While I concur with the author that bankers were not following Obama during his campaign, bankers were shoveling bigger piles of money into Obama's campaign than any other source.
Barack Obama, a once-in-a-generation political talent whose graceful conquest of America's racial dragons en route to the White House inspired the entire world, has for some reason allowed his presidency to be hijacked by sniveling, low-rent shitheads.
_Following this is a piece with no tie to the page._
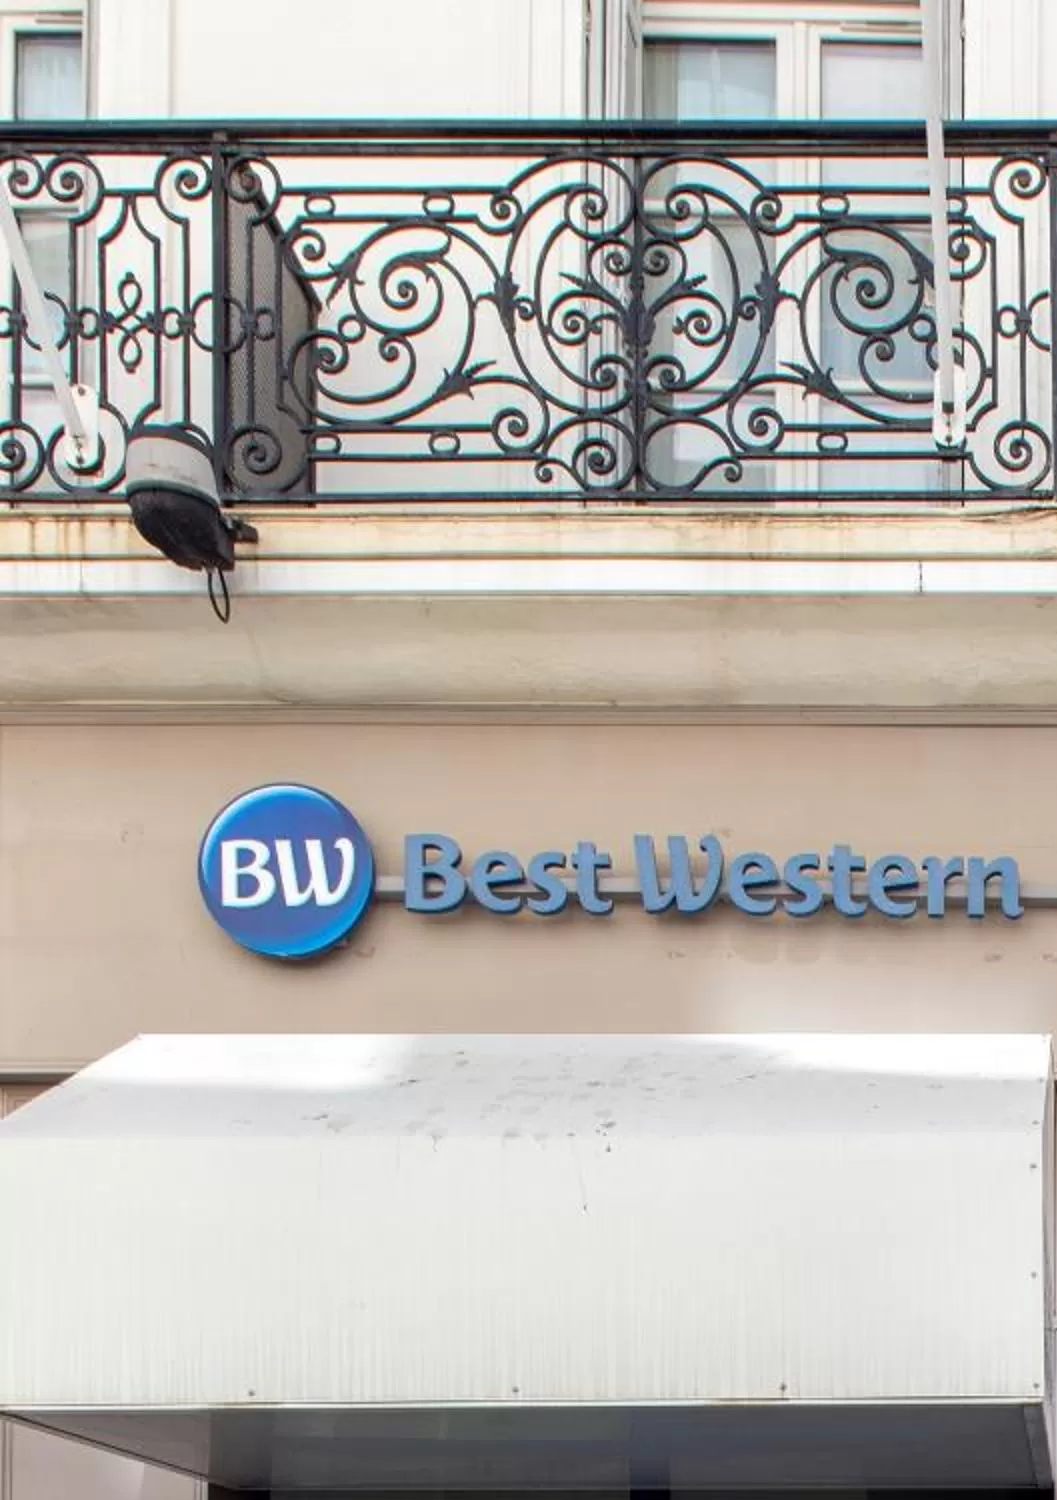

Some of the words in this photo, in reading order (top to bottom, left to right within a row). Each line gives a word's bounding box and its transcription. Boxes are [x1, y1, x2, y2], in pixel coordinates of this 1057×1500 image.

[220, 836, 356, 908] BW
[403, 833, 616, 917] Best
[633, 833, 1026, 921] Western
No one . . . NO ONE!!!!!!!! . . . hijacked the presidency of FUBARack H. Obama. Obama is a run-of-the-mill totally corrupt post-Clinton Democratic politician whose performance as a candidate was equal to George C. Scott as Patton, Gloria Swanson as Norma Desmond or James Mason as Humbert Humbert in "Lolita". It was brilliant; it was Shakespearean. As president, however, he is nothing more than another fly on the ever growing pile of golden dogshit that the United States has become.
Don't knock James Mason. Watch THIS IS THE ARMY starring Ronald Satan. Those guys made war fun even back in the forties. Tiger Kobe Obama. Now that's got a nice ring to that, don't you think???
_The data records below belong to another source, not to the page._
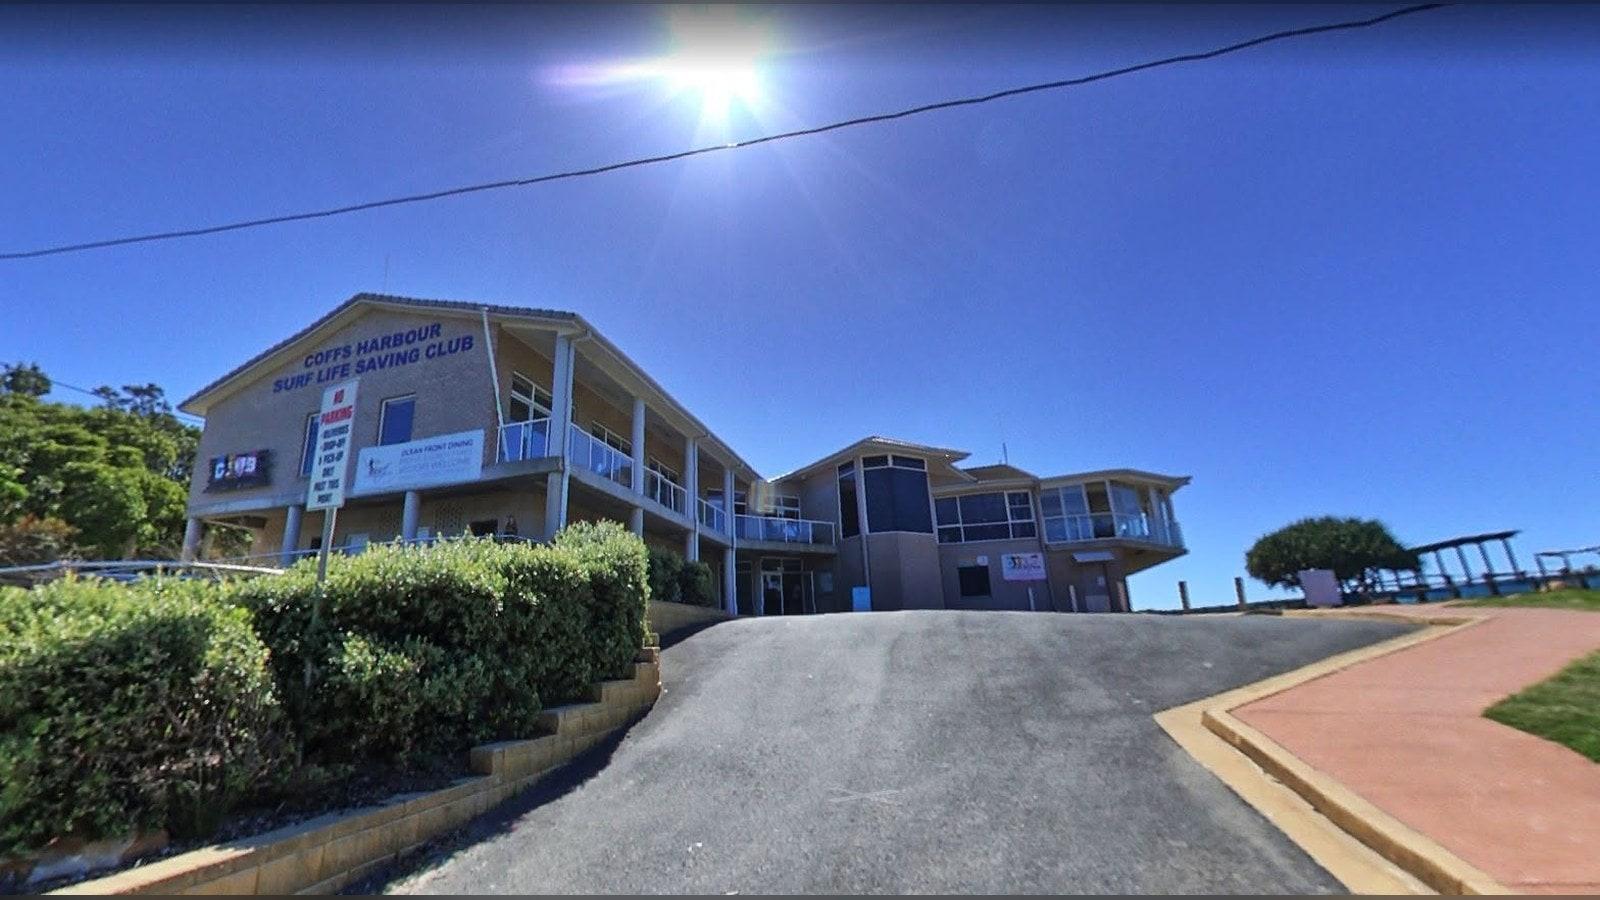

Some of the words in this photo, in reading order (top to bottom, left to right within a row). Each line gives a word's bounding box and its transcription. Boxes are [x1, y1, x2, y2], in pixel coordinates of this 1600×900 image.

[304, 345, 352, 369] COFFS
[356, 322, 442, 355] HARBOUR
[273, 373, 314, 393] SURF
[316, 362, 350, 384] LIFE
[355, 348, 420, 375] SAVING
[425, 335, 474, 360] CLUB
[333, 389, 345, 405] NO
[320, 405, 353, 426] PARKING
[424, 442, 447, 453] FRONT
[448, 438, 474, 450] DINING
Paul Street's book Barack Obama and the Future of American Politics was written during the 2008 campaign. It tells the whole story of his history and policies up to that time. President has given us no surprises since then, including the recent War is Peace Nobel speech.
Here is Paul's blog:
http://www.zcommunications.org/zspace/paulstreet
"Maybe it's our fault, for thinking he was different."
you got that right, buddy.
politicians lie - it's their nature.
But, don't you love the way Obama so eloquently throws the same BS at us that Dubya did?
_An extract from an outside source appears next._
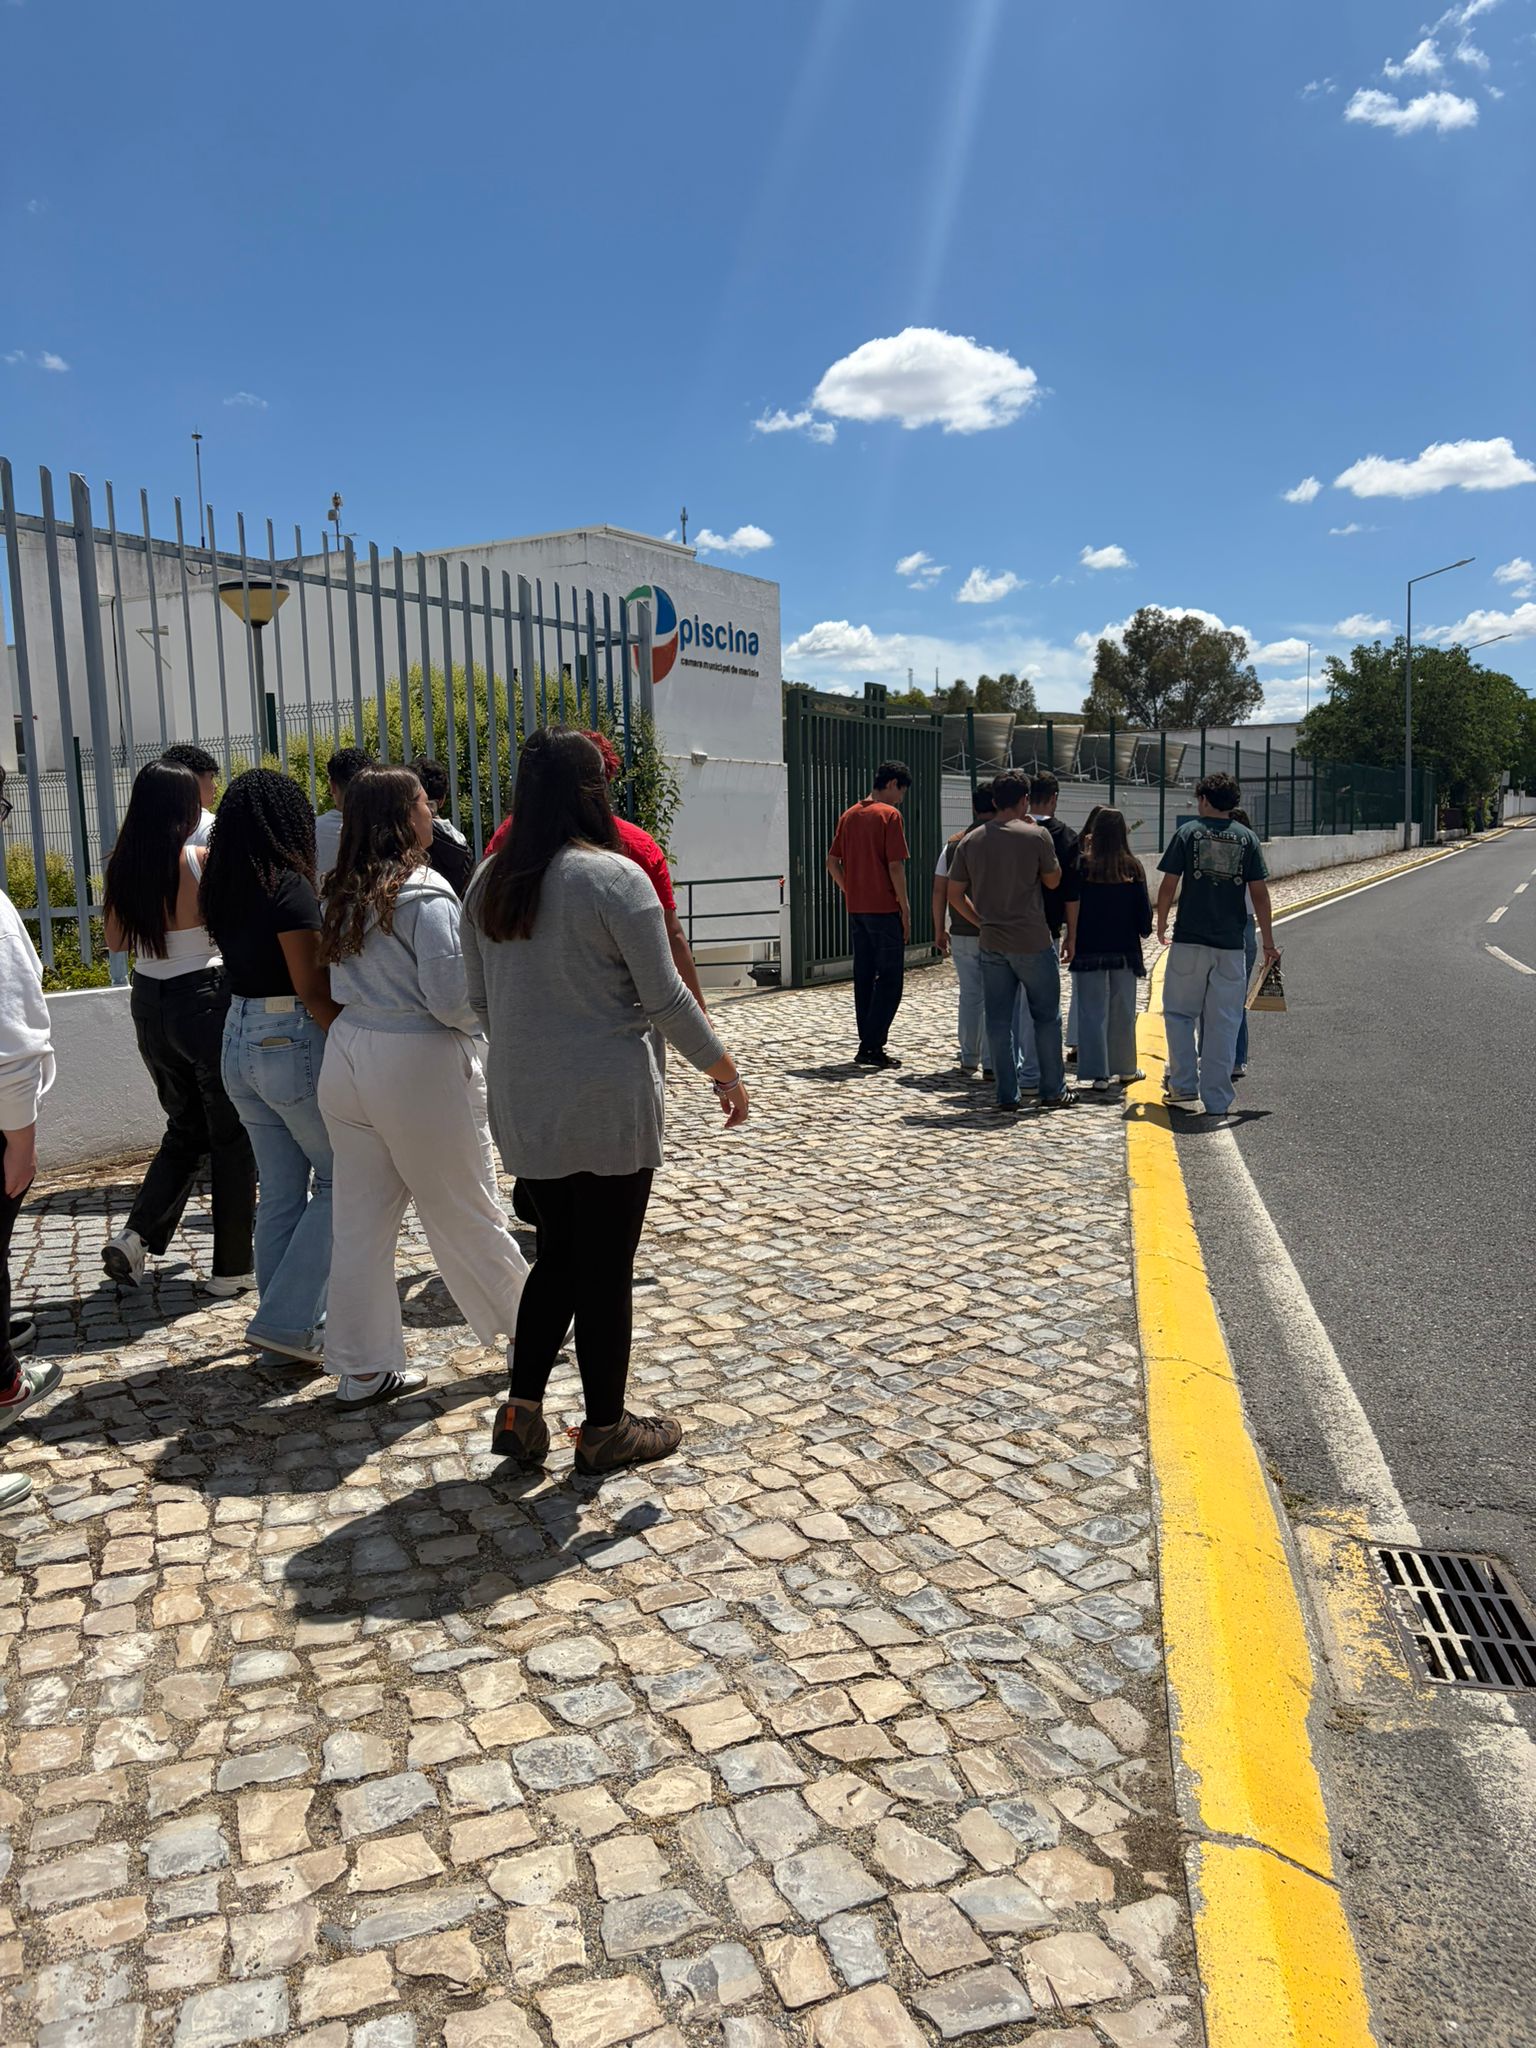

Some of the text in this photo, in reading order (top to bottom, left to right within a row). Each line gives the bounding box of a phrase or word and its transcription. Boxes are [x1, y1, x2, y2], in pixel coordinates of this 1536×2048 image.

[680, 614, 759, 656] piscina
[703, 661, 730, 674] municipal
[731, 664, 738, 674] de
The whole system is designed to protect the interest of the few from the interest of the many. Why continue on with the illusion? Obombya is just the latest corporate employee put into place by a voting system designed to protect the few. I'm for a new economic system that is equatible to the interest of the many not the few.
Barakus Obombem, enjoy your one term, and think about the wonderful fact that when Colin Powell gets to the White House after you, how quickly you may be forgotten if you're lucky, given the prostitute for Wall Street and Pentagon and associated contractors you've been.
Powell may well end the policy of endless war as a foreign policy, and a former top military man and Republican could easily get away with it.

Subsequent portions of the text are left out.